Provided records →
• • • •
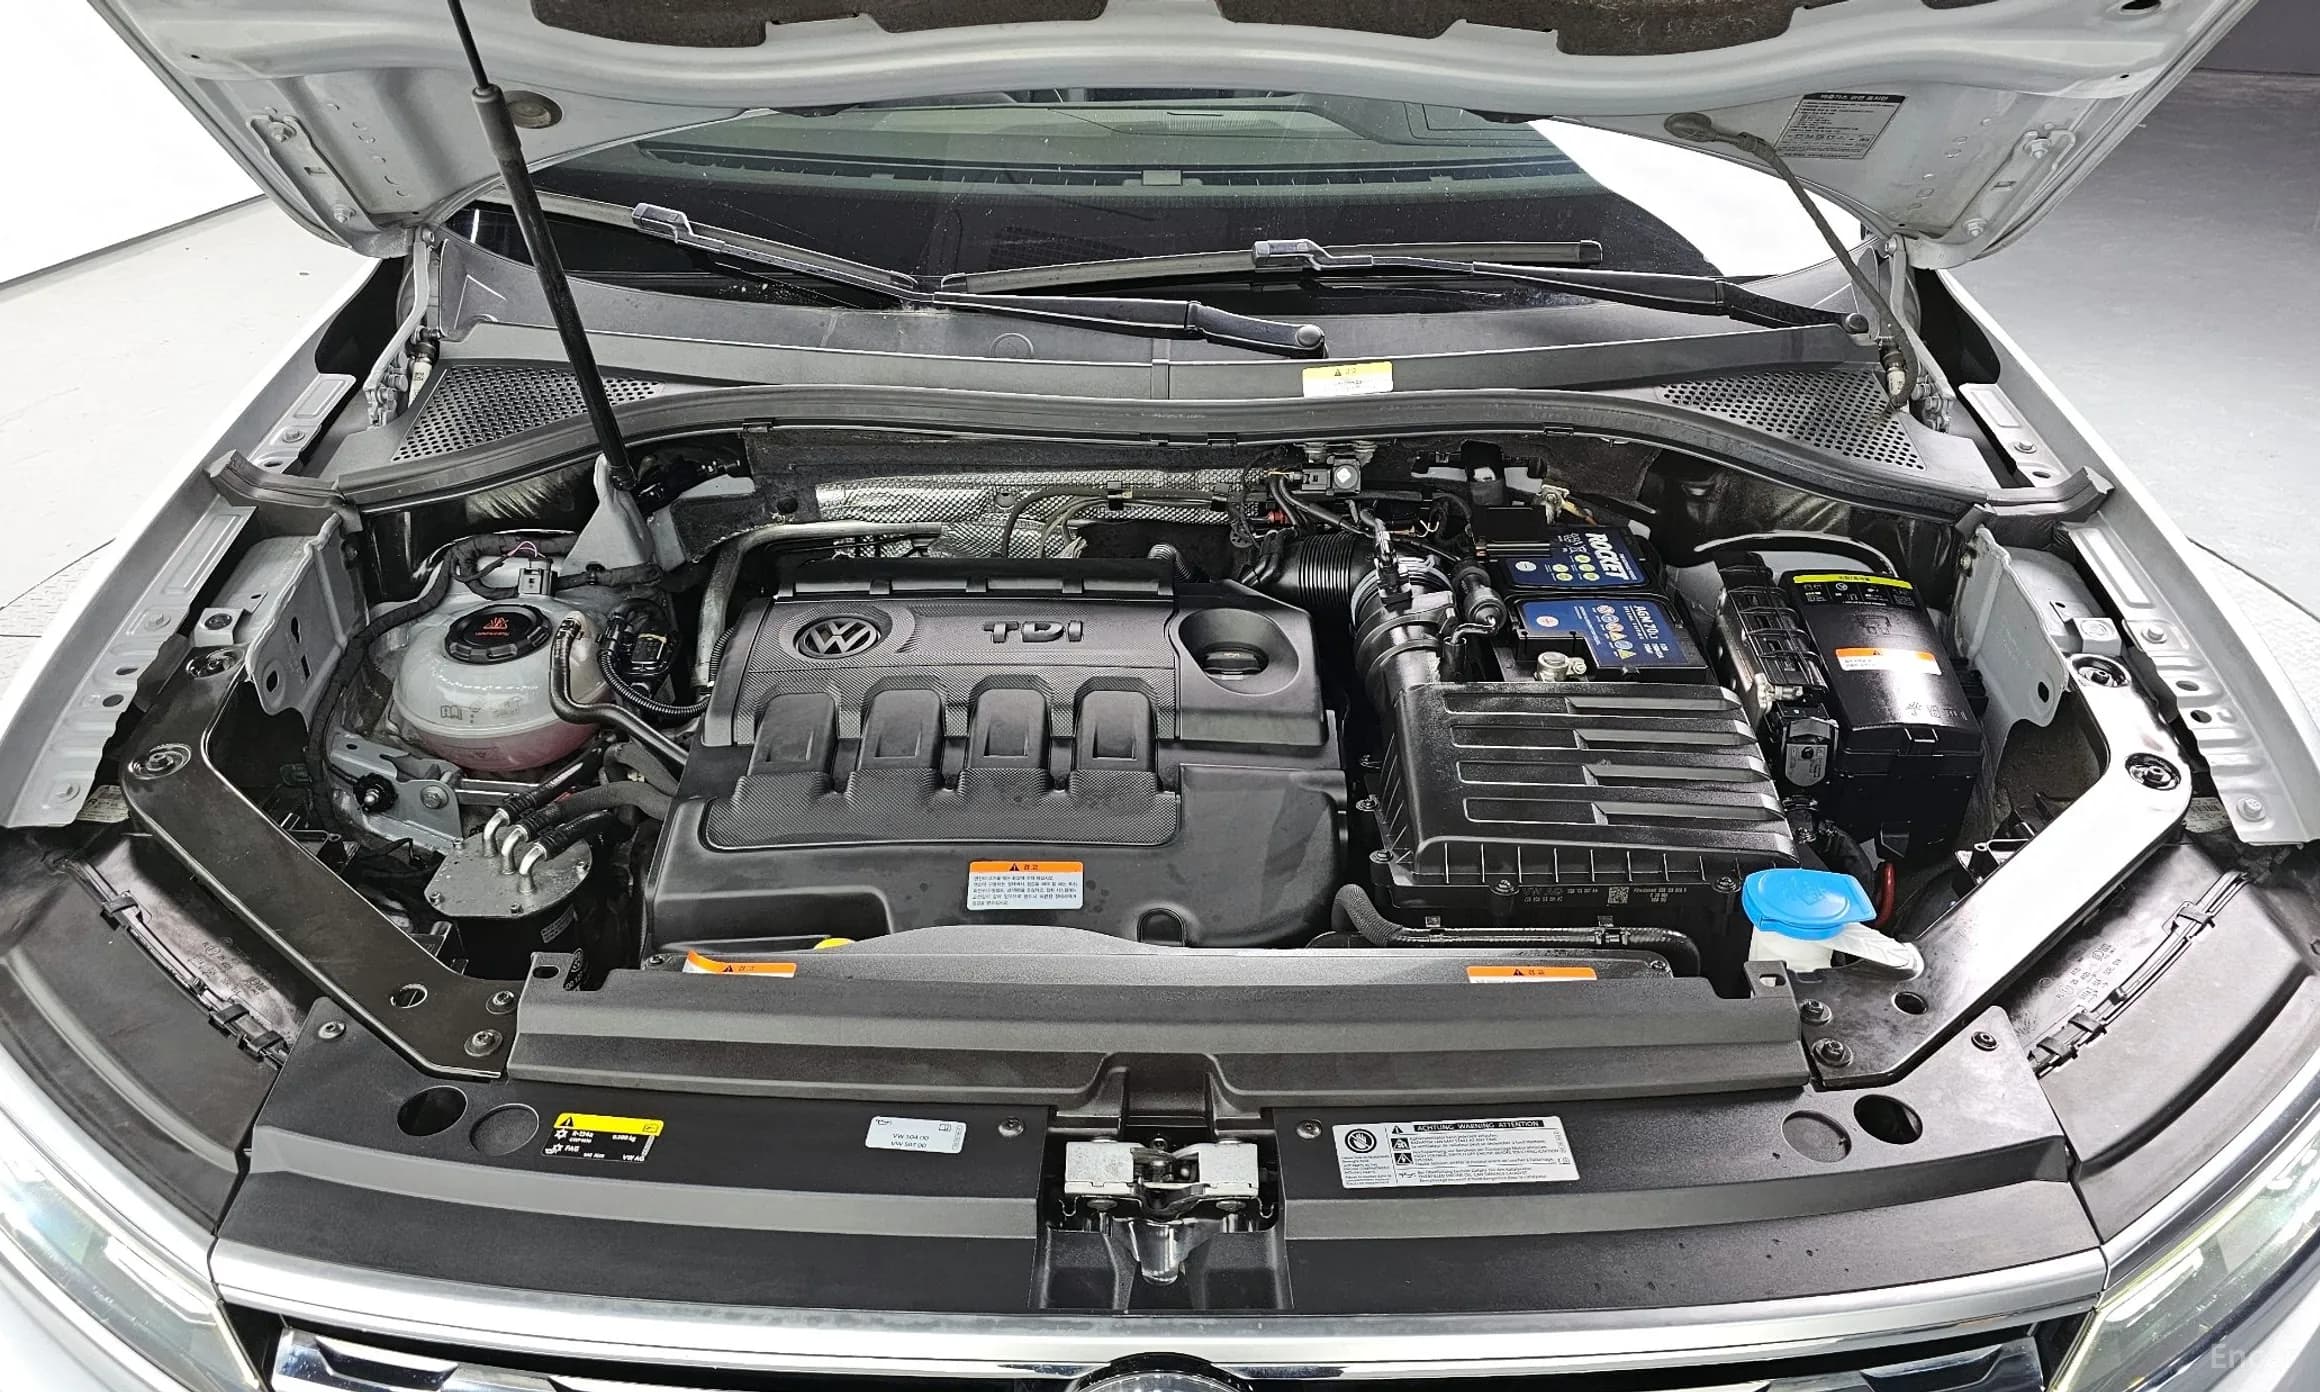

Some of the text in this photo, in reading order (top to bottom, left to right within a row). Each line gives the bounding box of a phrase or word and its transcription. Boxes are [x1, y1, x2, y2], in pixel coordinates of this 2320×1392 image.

[1585, 533, 1630, 581] ROCKET
[982, 619, 1084, 644] TDI
[1458, 1121, 1494, 1129] WARNING
[1498, 1119, 1539, 1127] ATTENTION
• • • •
Instructions to follow → Please output all of the entries exactly as they appear, with no pictures.

Written reply →
Some of the text in this photo, in reading order (top to bottom, left to right within a row). Each line gives the bounding box of a phrase or word and its transcription. Boxes are [x1, y1, x2, y2], in pixel coordinates of this 2320×1392 image.

[1585, 533, 1630, 581] ROCKET
[982, 619, 1084, 644] TDI
[1458, 1121, 1494, 1129] WARNING
[1498, 1119, 1539, 1127] ATTENTION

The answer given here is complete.